[[ DATA FOR THIS EXERCISE open ]]
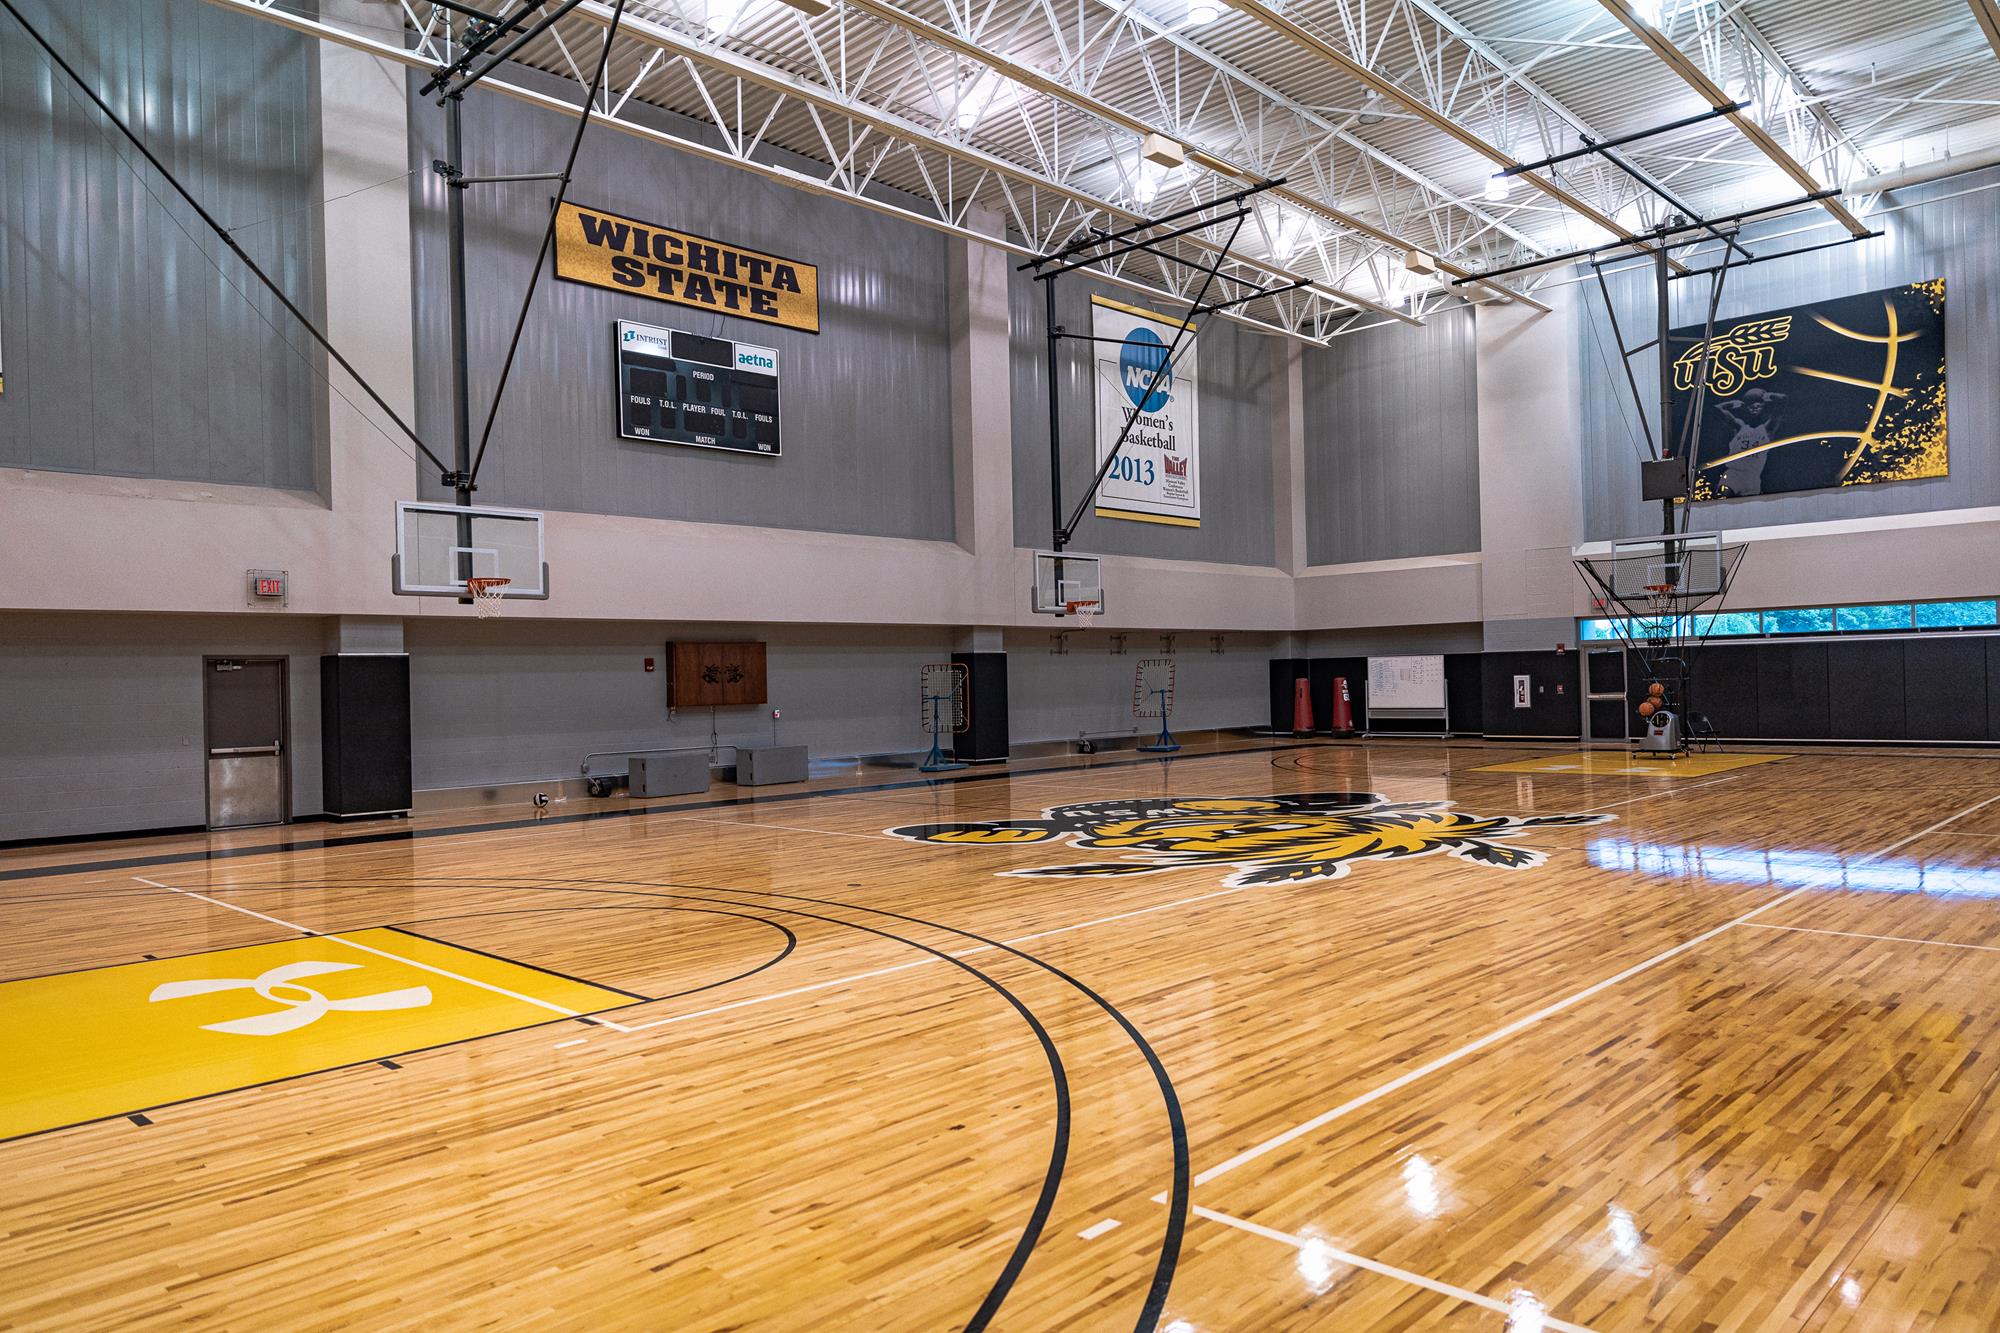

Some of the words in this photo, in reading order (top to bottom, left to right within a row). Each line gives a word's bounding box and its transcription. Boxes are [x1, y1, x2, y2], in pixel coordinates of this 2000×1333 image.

[578, 212, 801, 293] WICHITA
[611, 255, 779, 318] STATE
[636, 333, 667, 346] INTRUST
[738, 352, 773, 369] aetna
[692, 370, 715, 381] PERIOD
[630, 395, 651, 406] FOULS
[659, 399, 677, 409] T.O.L.
[682, 403, 706, 414] PLAYER
[710, 407, 726, 417] FOUL
[732, 410, 749, 420] T.O.L.
[754, 414, 773, 424] FOULS
[1121, 406, 1174, 431] Women's
[634, 427, 650, 436] WON
[695, 435, 716, 445] MATCH
[757, 443, 771, 452] WON
[1108, 454, 1155, 486] 2013
[260, 579, 280, 593] EXIT
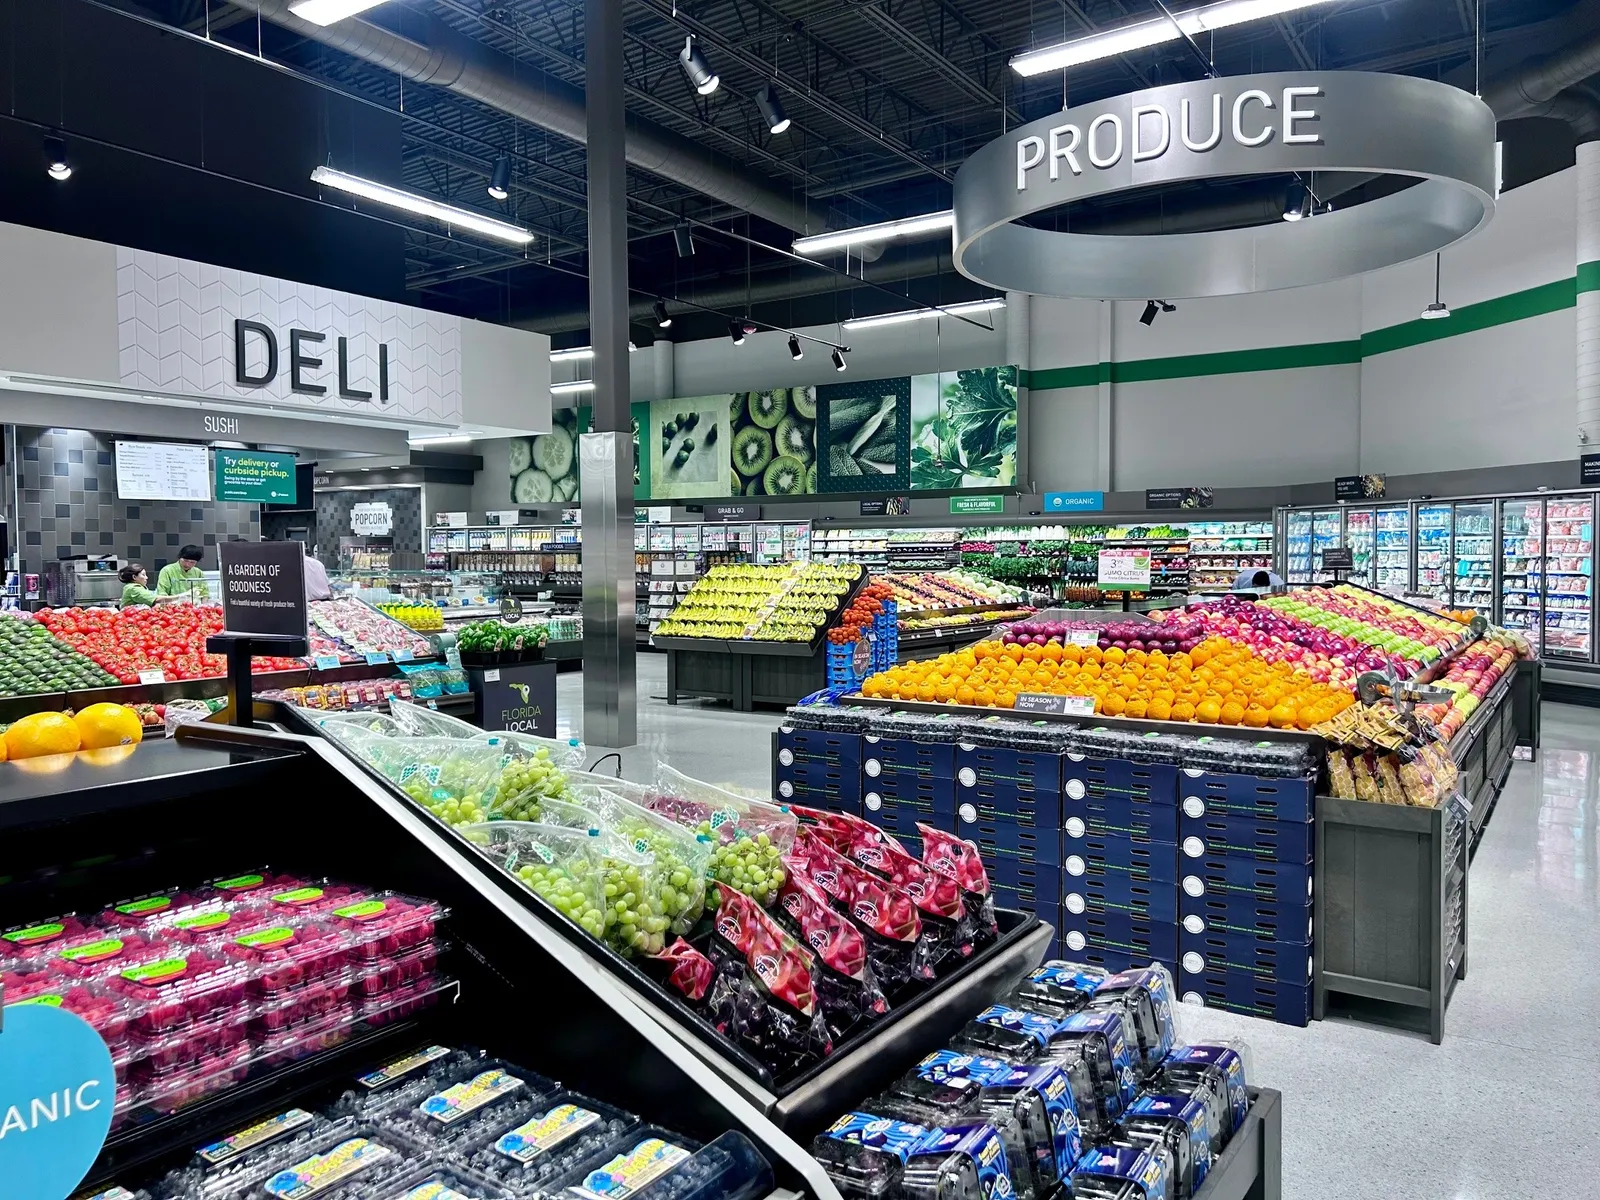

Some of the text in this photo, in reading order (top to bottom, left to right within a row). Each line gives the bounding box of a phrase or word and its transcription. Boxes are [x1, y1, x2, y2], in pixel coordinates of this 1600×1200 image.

[1016, 86, 1321, 190] PRODUCE
[235, 319, 388, 401] DELI
[204, 415, 239, 434] SUSHI
[223, 456, 236, 467] Try
[238, 458, 269, 469] delivery
[224, 466, 289, 479] curbside pickup.
[355, 512, 388, 525] POPCORN
[228, 564, 280, 576] A GARDEN OF
[229, 580, 271, 593] GOODNESS
[501, 705, 542, 721] FLORIDA
[505, 719, 539, 732] LOCAL
[0, 1079, 101, 1140] ANIC
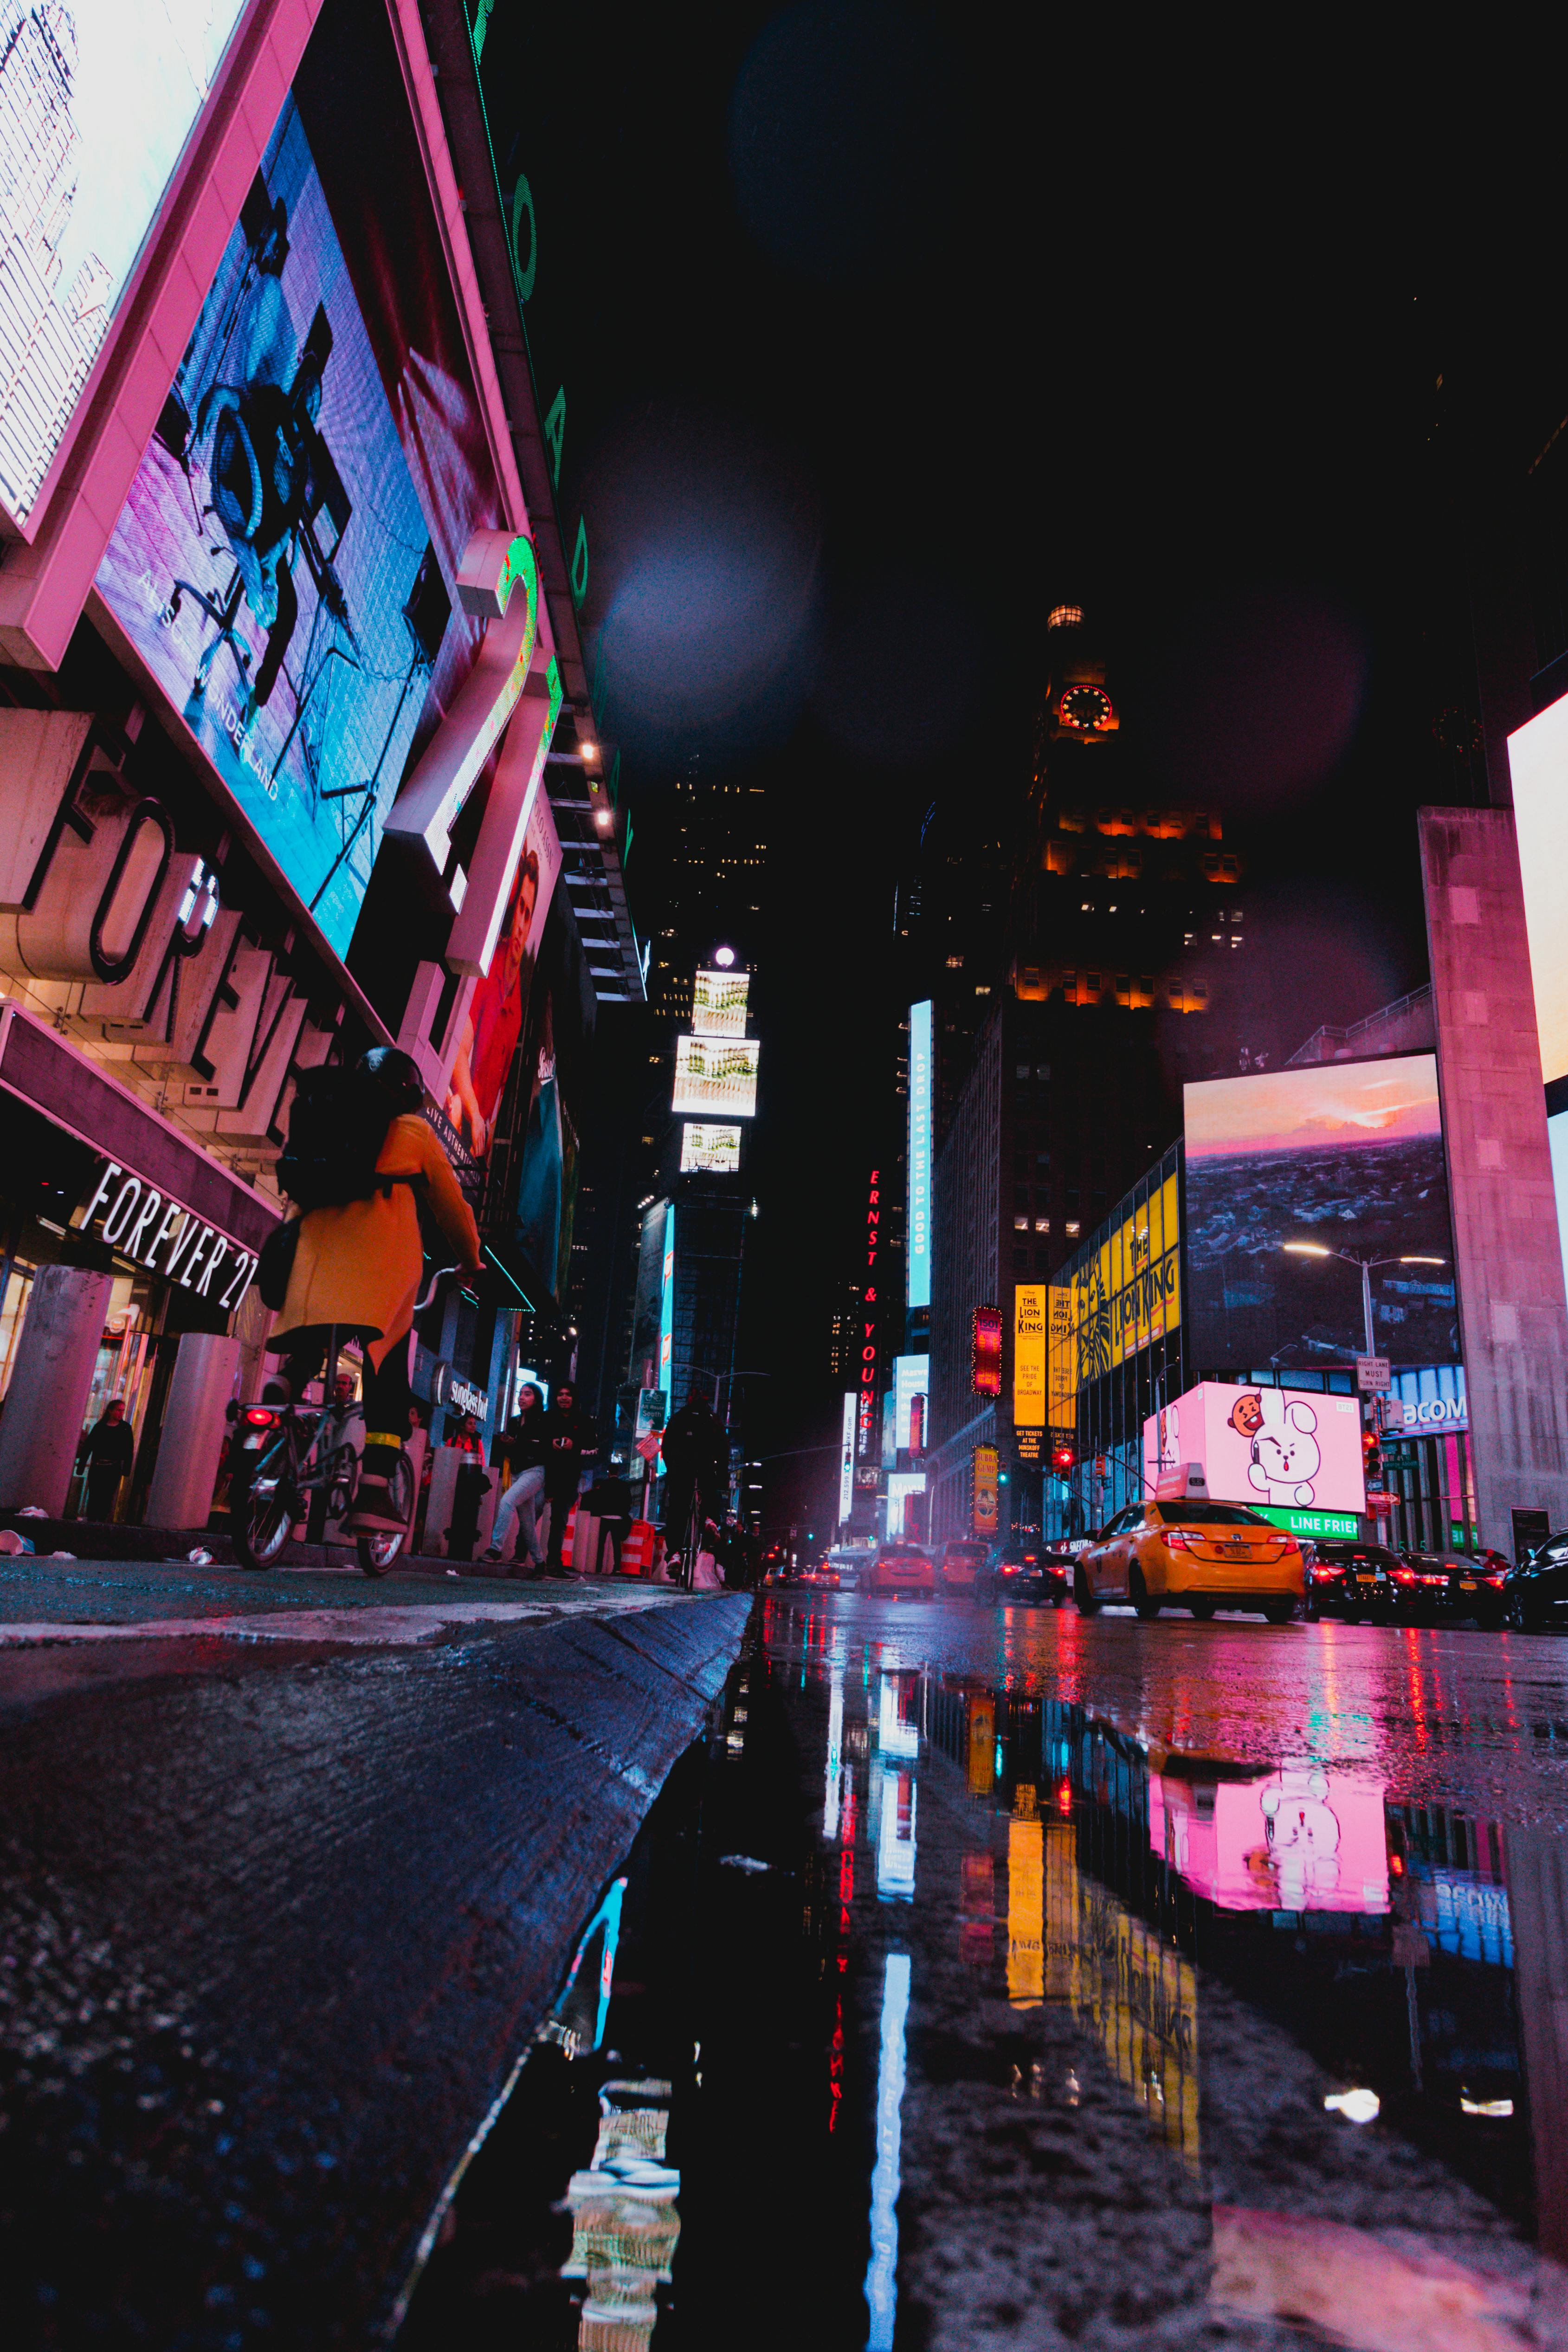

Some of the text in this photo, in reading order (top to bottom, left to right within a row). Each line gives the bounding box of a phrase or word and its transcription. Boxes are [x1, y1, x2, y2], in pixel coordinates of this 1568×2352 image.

[915, 1053, 925, 1254] GOOD TO THE LAST DROP
[79, 1162, 259, 1312] FOREVER 21
[1130, 1237, 1148, 1266] THE
[860, 1170, 880, 1430] ERNST & YOUNG
[1142, 1259, 1174, 1327] KING
[1020, 1306, 1040, 1318] LION
[979, 1318, 998, 1329] 1501
[1018, 1319, 1043, 1334] KING
[451, 1381, 489, 1422] sunglass hut
[976, 1451, 997, 1463] BUBBA
[977, 1463, 995, 1474] GUMP
[1291, 1516, 1321, 1530] LINE
[[ DATA FOR THIS EXERCISE closed ]]
▶ TASK
From the first line to the last, transcribe the listing exactly; skip the pictures.

▶ OUTPUT BELOW
Some of the words in this photo, in reading order (top to bottom, left to right within a row). Each line gives a word's bounding box and its transcription. Boxes are [x1, y1, x2, y2], in pixel coordinates of this 2000×1333 image.

[578, 212, 801, 293] WICHITA
[611, 255, 779, 318] STATE
[636, 333, 667, 346] INTRUST
[738, 352, 773, 369] aetna
[692, 370, 715, 381] PERIOD
[630, 395, 651, 406] FOULS
[659, 399, 677, 409] T.O.L.
[682, 403, 706, 414] PLAYER
[710, 407, 726, 417] FOUL
[732, 410, 749, 420] T.O.L.
[754, 414, 773, 424] FOULS
[1121, 406, 1174, 431] Women's
[634, 427, 650, 436] WON
[695, 435, 716, 445] MATCH
[757, 443, 771, 452] WON
[1108, 454, 1155, 486] 2013
[260, 579, 280, 593] EXIT

Some of the text in this photo, in reading order (top to bottom, left to right within a row). Each line gives the bounding box of a phrase or word and its transcription. Boxes are [x1, y1, x2, y2], in pixel coordinates of this 1600×1200 image.

[1016, 86, 1321, 190] PRODUCE
[235, 319, 388, 401] DELI
[204, 415, 239, 434] SUSHI
[223, 456, 236, 467] Try
[238, 458, 269, 469] delivery
[224, 466, 289, 479] curbside pickup.
[355, 512, 388, 525] POPCORN
[228, 564, 280, 576] A GARDEN OF
[229, 580, 271, 593] GOODNESS
[501, 705, 542, 721] FLORIDA
[505, 719, 539, 732] LOCAL
[0, 1079, 101, 1140] ANIC

Some of the text in this photo, in reading order (top to bottom, left to right within a row). Each line gives the bounding box of a phrase or word and its transcription. Boxes are [x1, y1, x2, y2], in pixel coordinates of this 1568×2352 image.

[915, 1053, 925, 1254] GOOD TO THE LAST DROP
[79, 1162, 259, 1312] FOREVER 21
[1130, 1237, 1148, 1266] THE
[860, 1170, 880, 1430] ERNST & YOUNG
[1142, 1259, 1174, 1327] KING
[1020, 1306, 1040, 1318] LION
[979, 1318, 998, 1329] 1501
[1018, 1319, 1043, 1334] KING
[451, 1381, 489, 1422] sunglass hut
[976, 1451, 997, 1463] BUBBA
[977, 1463, 995, 1474] GUMP
[1291, 1516, 1321, 1530] LINE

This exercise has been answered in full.